## TASK PROMPT:
The reply should contain every entry below exactly as written, with no images.

## Stored data:
>>>

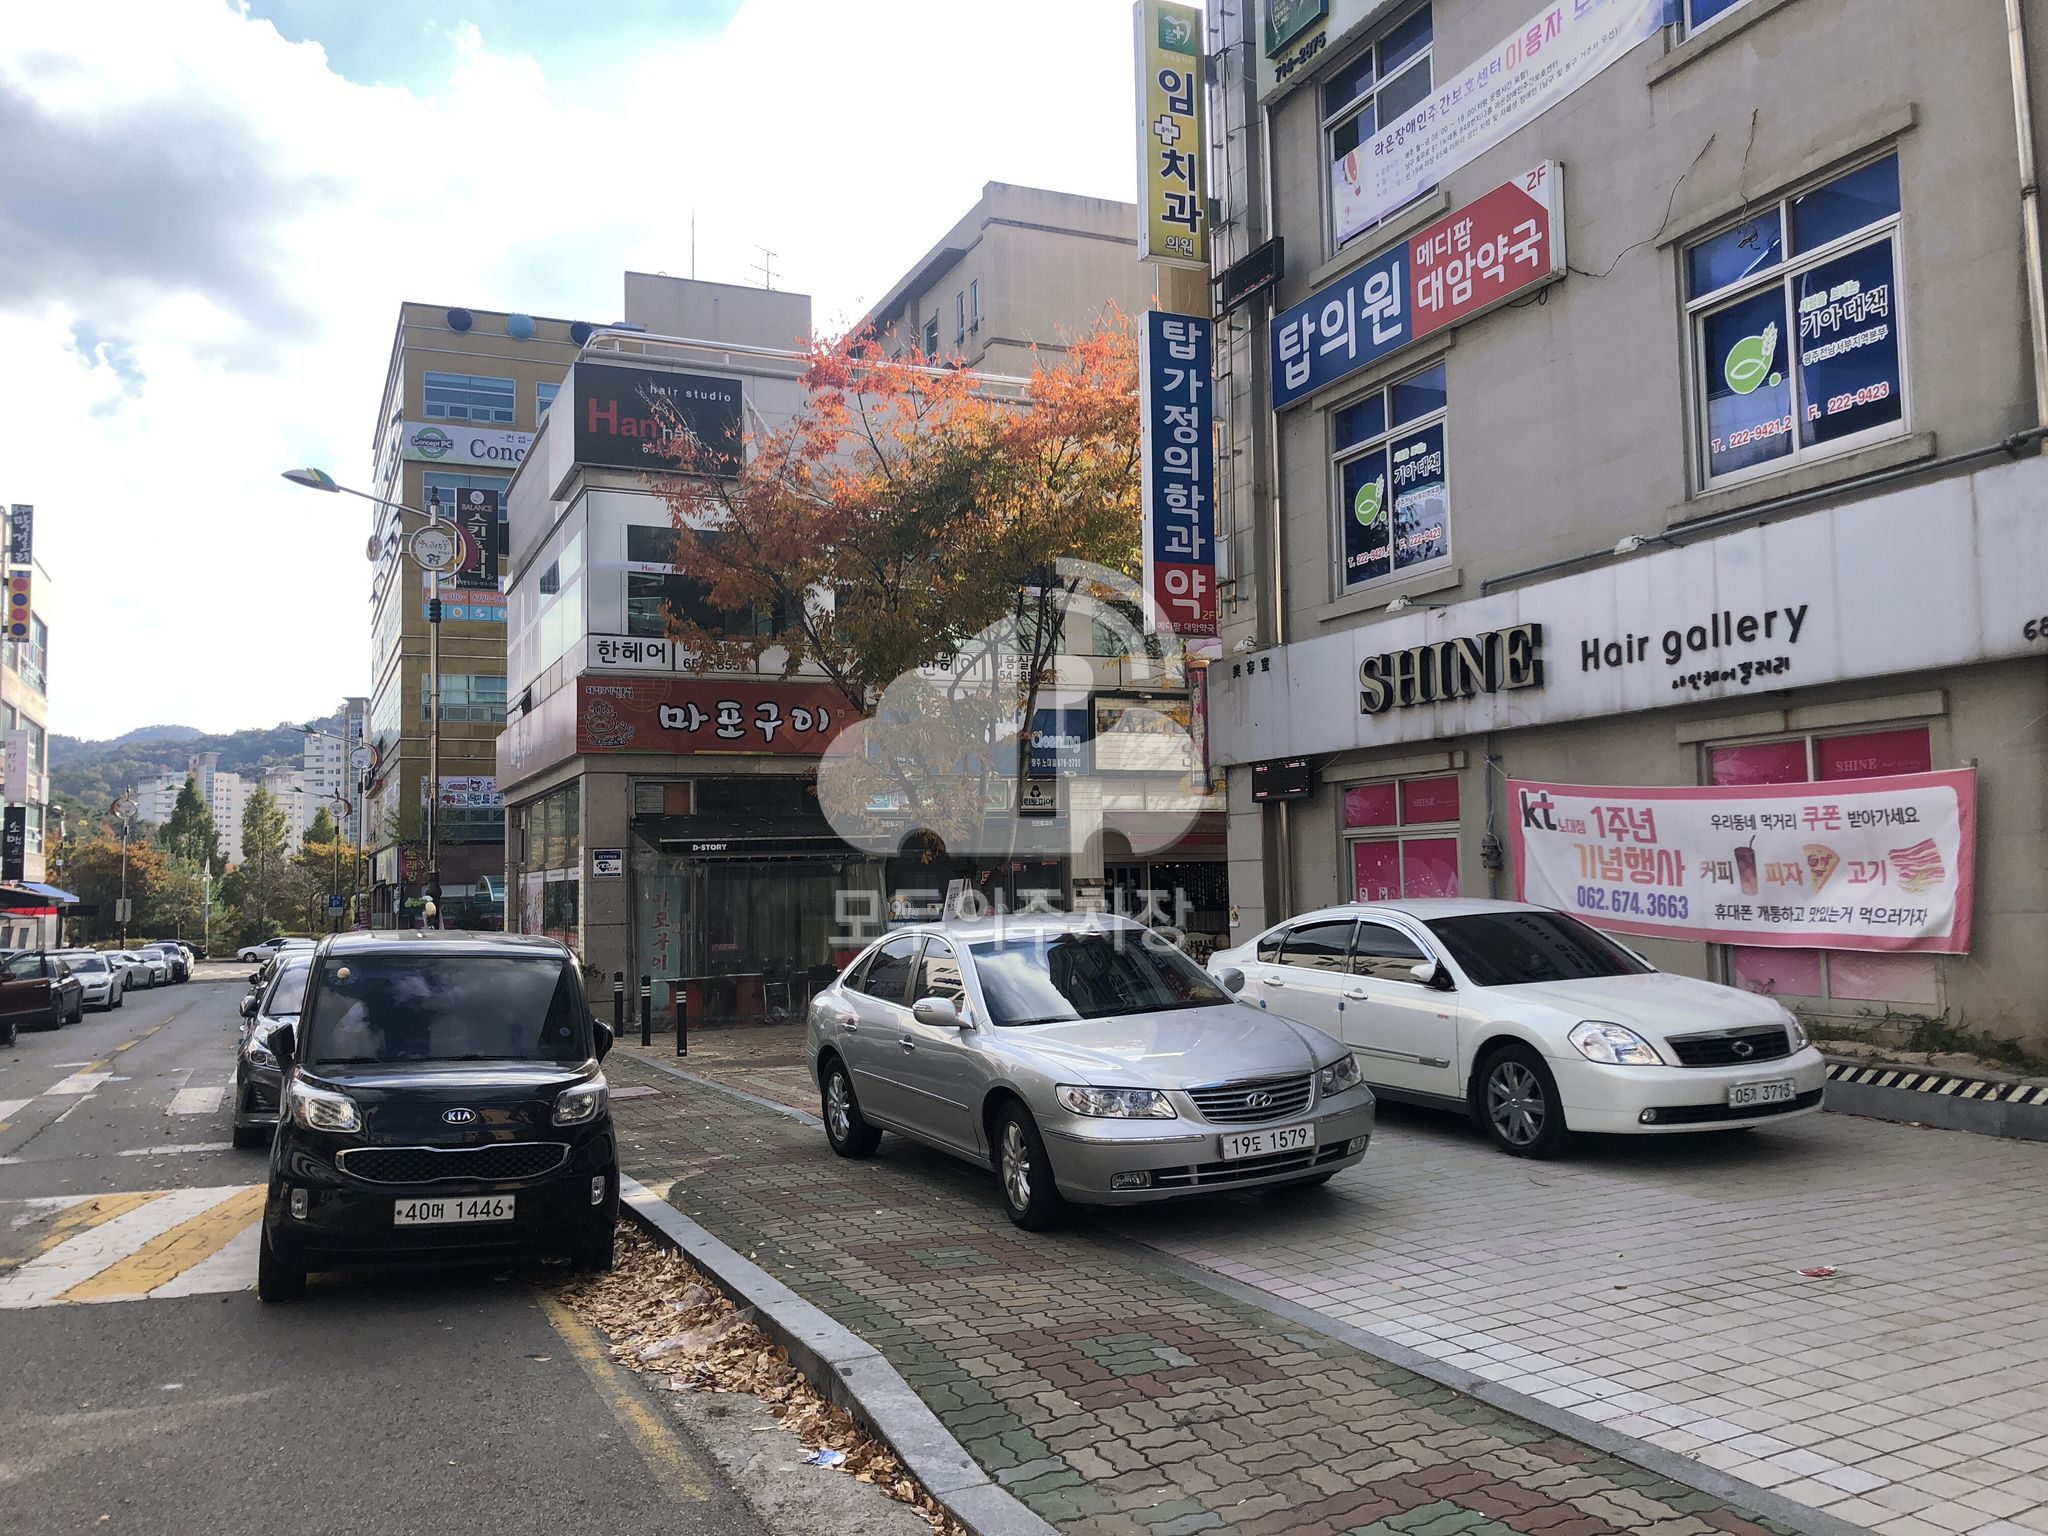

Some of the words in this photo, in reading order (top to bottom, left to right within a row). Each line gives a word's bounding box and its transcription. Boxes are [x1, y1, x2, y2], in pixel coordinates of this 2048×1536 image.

[1505, 7, 1563, 71] 이용자
[1158, 69, 1194, 117] 임
[1526, 168, 1547, 193] 2F
[1166, 236, 1193, 256] 의원
[1416, 217, 1473, 267] 메디팜
[1417, 218, 1543, 313] 대암약국
[1279, 260, 1402, 391] 탑의원
[650, 384, 679, 397] hair
[686, 389, 731, 403] studio
[1807, 405, 1822, 422] F.
[1827, 381, 1889, 415] 222-9423
[587, 398, 657, 440] Han
[440, 439, 453, 449] PC
[461, 503, 493, 512] BALANCE
[1164, 569, 1206, 620] 약
[1202, 610, 1215, 621] 2F
[1581, 634, 1650, 672] Hair
[1662, 604, 1809, 666] gallery
[597, 640, 666, 665] 한헤어
[1359, 623, 1544, 714] SHINE
[657, 699, 830, 743] 마포구이
[1031, 730, 1081, 754] Cleaning
[1021, 797, 1055, 807] 린토피아
[1520, 790, 1558, 831] kt
[1590, 806, 1658, 844] 1주년
[1711, 813, 1757, 832] 우리동네
[1761, 813, 1798, 831] 먹거리
[1802, 804, 1842, 832] 쿠폰
[1847, 807, 1921, 829] 받아가세요
[692, 843, 727, 852] D-STORY
[1573, 843, 1686, 887] 기념행사
[1700, 860, 1734, 885] 커피
[1763, 861, 1804, 886] 피자
[1847, 860, 1888, 886] 고기
[1577, 885, 1689, 920] 062.674.3663
[1714, 903, 1753, 922] 휴대폰
[1757, 905, 1805, 923] 개통하고
[1859, 907, 1928, 927] 먹으러가자
[1762, 1083, 1791, 1101] 3713
[447, 1111, 472, 1122] KIA
[1232, 1136, 1262, 1155] 19도
[1269, 1128, 1307, 1149] 1579
[404, 1200, 444, 1220] 40머
[455, 1198, 504, 1219] 1446

<<<

## TASK ANSWER:
Some of the words in this photo, in reading order (top to bottom, left to right within a row). Each line gives a word's bounding box and its transcription. Boxes are [x1, y1, x2, y2], in pixel coordinates of this 2048×1536 image.

[1505, 7, 1563, 71] 이용자
[1158, 69, 1194, 117] 임
[1526, 168, 1547, 193] 2F
[1166, 236, 1193, 256] 의원
[1416, 217, 1473, 267] 메디팜
[1417, 218, 1543, 313] 대암약국
[1279, 260, 1402, 391] 탑의원
[650, 384, 679, 397] hair
[686, 389, 731, 403] studio
[1807, 405, 1822, 422] F.
[1827, 381, 1889, 415] 222-9423
[587, 398, 657, 440] Han
[440, 439, 453, 449] PC
[461, 503, 493, 512] BALANCE
[1164, 569, 1206, 620] 약
[1202, 610, 1215, 621] 2F
[1581, 634, 1650, 672] Hair
[1662, 604, 1809, 666] gallery
[597, 640, 666, 665] 한헤어
[1359, 623, 1544, 714] SHINE
[657, 699, 830, 743] 마포구이
[1031, 730, 1081, 754] Cleaning
[1021, 797, 1055, 807] 린토피아
[1520, 790, 1558, 831] kt
[1590, 806, 1658, 844] 1주년
[1711, 813, 1757, 832] 우리동네
[1761, 813, 1798, 831] 먹거리
[1802, 804, 1842, 832] 쿠폰
[1847, 807, 1921, 829] 받아가세요
[692, 843, 727, 852] D-STORY
[1573, 843, 1686, 887] 기념행사
[1700, 860, 1734, 885] 커피
[1763, 861, 1804, 886] 피자
[1847, 860, 1888, 886] 고기
[1577, 885, 1689, 920] 062.674.3663
[1714, 903, 1753, 922] 휴대폰
[1757, 905, 1805, 923] 개통하고
[1859, 907, 1928, 927] 먹으러가자
[1762, 1083, 1791, 1101] 3713
[447, 1111, 472, 1122] KIA
[1232, 1136, 1262, 1155] 19도
[1269, 1128, 1307, 1149] 1579
[404, 1200, 444, 1220] 40머
[455, 1198, 504, 1219] 1446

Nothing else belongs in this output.